Rep. Frank Pallone (D-N.J.) took $5,000 this cycle, topping off $56,500 from distributors and manufacturers before the 2016 election, according to a recent research letter published in the Journal of the American Medical Association. Rep. Diana DeGette (D-Colo.) took another $3,500. And following $23,500 in contributions from distributors and manufacturers last cycle, Rep. Greg Walden (R-Ore.), the chair of the House Energy and Commerce Committee, has accepted $8,500 to date from AmerisourceBergen and McKesson this election cycle.

From drug companies to insurers, lawmakers routinely accept campaign contributions from the companies across the health care industry that they are tasked with regulating. But few industries have faced more scrutiny than opioid distributors and manufacturers, many of which are being sued in a consolidated case in federal court, and which are increasingly shouldering the blame for a crisis taking nearly the lives of nearly 50,000 Americans each year.

Yet for all the money their campaigns have accepted from those very companies, lawmakers say their oversight abilities have not been compromised.

Walden’s committee hosted the hearing at which members had their say before the distributor executives, and he was key in shepherding through Congress a sweeping opioids bill that President Trump is expected to sign this month.

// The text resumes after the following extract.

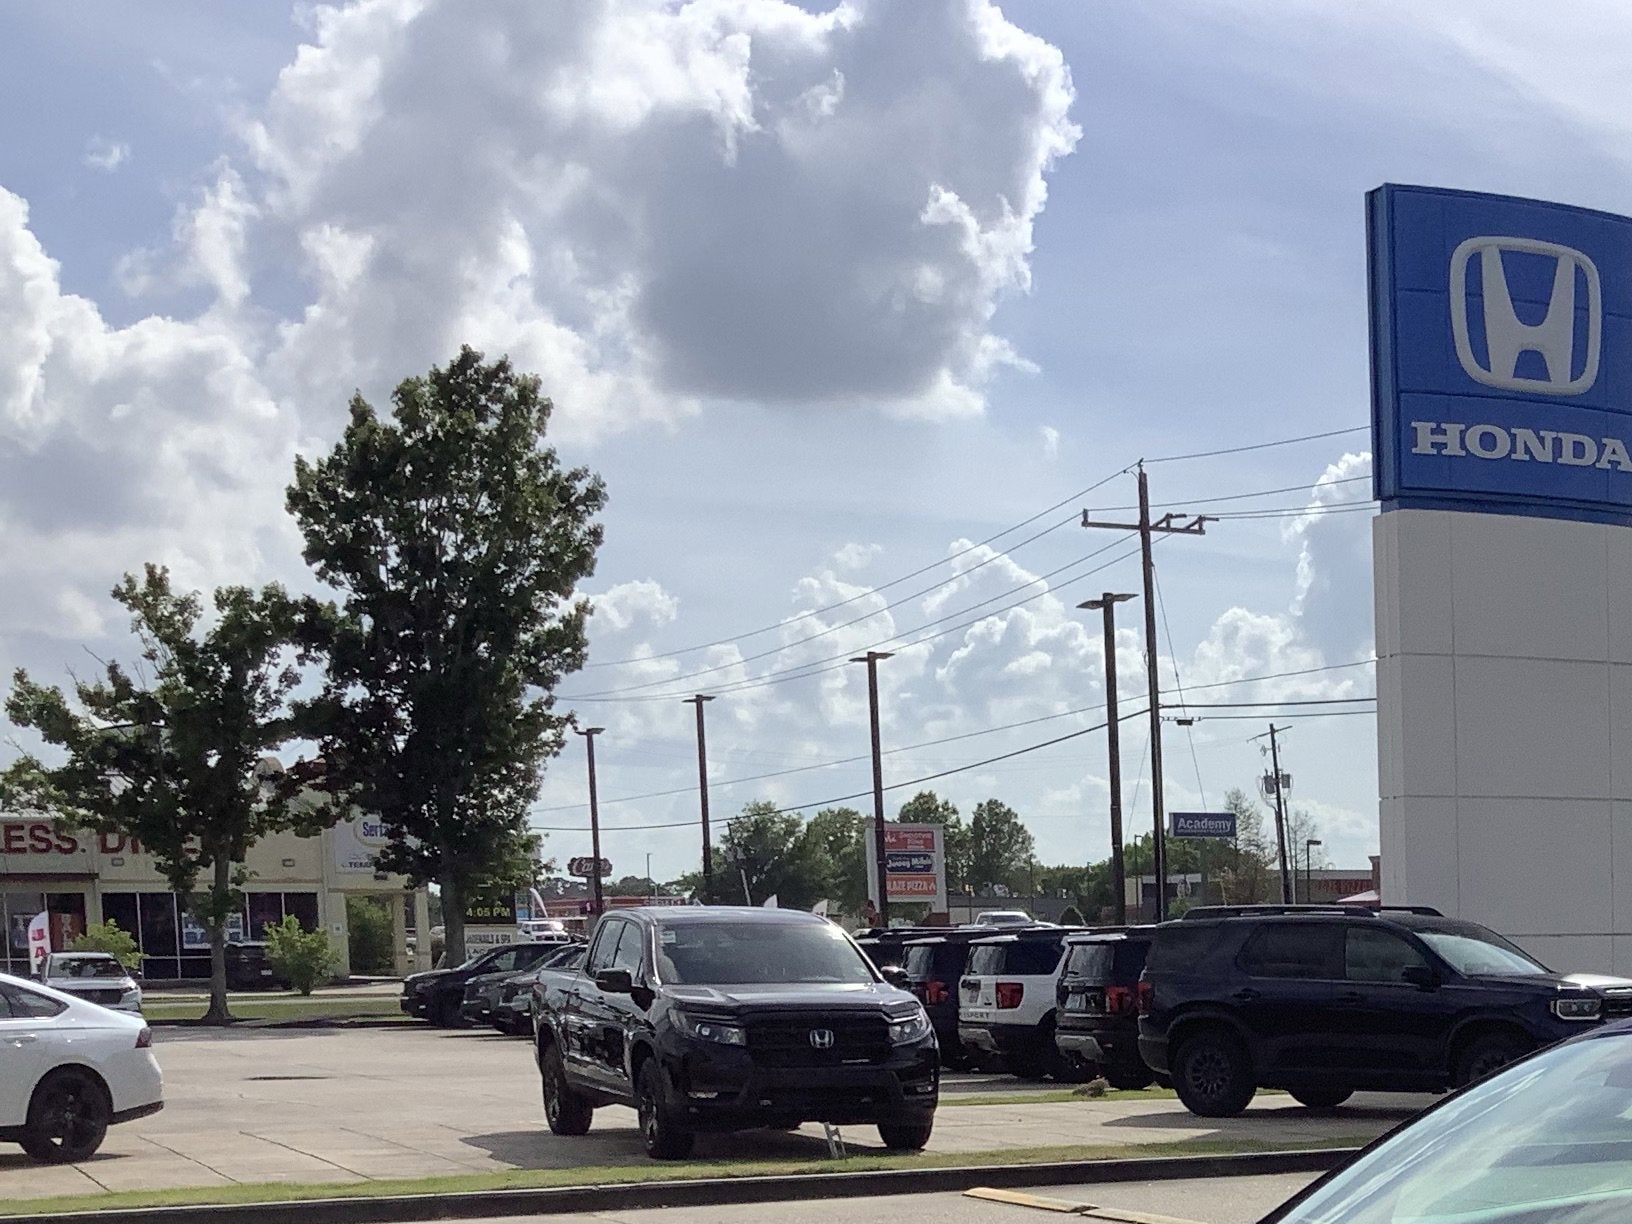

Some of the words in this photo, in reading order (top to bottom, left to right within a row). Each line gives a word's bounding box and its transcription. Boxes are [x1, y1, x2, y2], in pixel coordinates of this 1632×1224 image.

“No member of Congress has done more than Chairman Walden to end the deadly cycle of diversion, addiction, and overdose,” said a committee spokesman, Zach Hunter. “Any suggestion otherwise ignores his historic efforts to fight the opioid epidemic.”

A spokesman for Pallone also pointed to the congressman’s involvement in an ongoing House investigation of drug distributors.

Aides to every lawmaker contacted by STAT gave a similar response: The campaign cash has no bearing on how they conduct oversight or policymaking.

AmerisourceBergen has donated $1.2 million to date in the 2017-18 campaign cycle; Cardinal $825,000; McKesson nearly $920,000. McKesson’s spending is on pace to match the previous cycle, while AmerisourceBergen and Cardinal have already matched or outstripped their previous spending totals with a month remaining before the midterm elections.

Sen. Claire McCaskill (D-Mo.), who has not accepted campaign cash from distributors, has spoken of the pharmaceutical industry’s ability to sprinkle cash “like fairy dust” around the Capitol — and to use their curried favor to stall legislation that isn’t industry-friendly.

McCaskill has hinted this may be the case with a bill she introduced to restore some of the Drug Enforcement Administration’s enforcement authority over distributors, a provision that was left out of the opioids bill even though it enjoys support from lawmakers in both parties.

The donations in the current cycle follow a previous trend detailed in the JAMA research letter, which showed a consistent stream of cash flowing to the lawmakers on committees with most authority over the distributors prior to the 2016 election. (The analysis also included contributions from some drug manufacturers accused of marketing the potentially addictive drugs misleadingly.)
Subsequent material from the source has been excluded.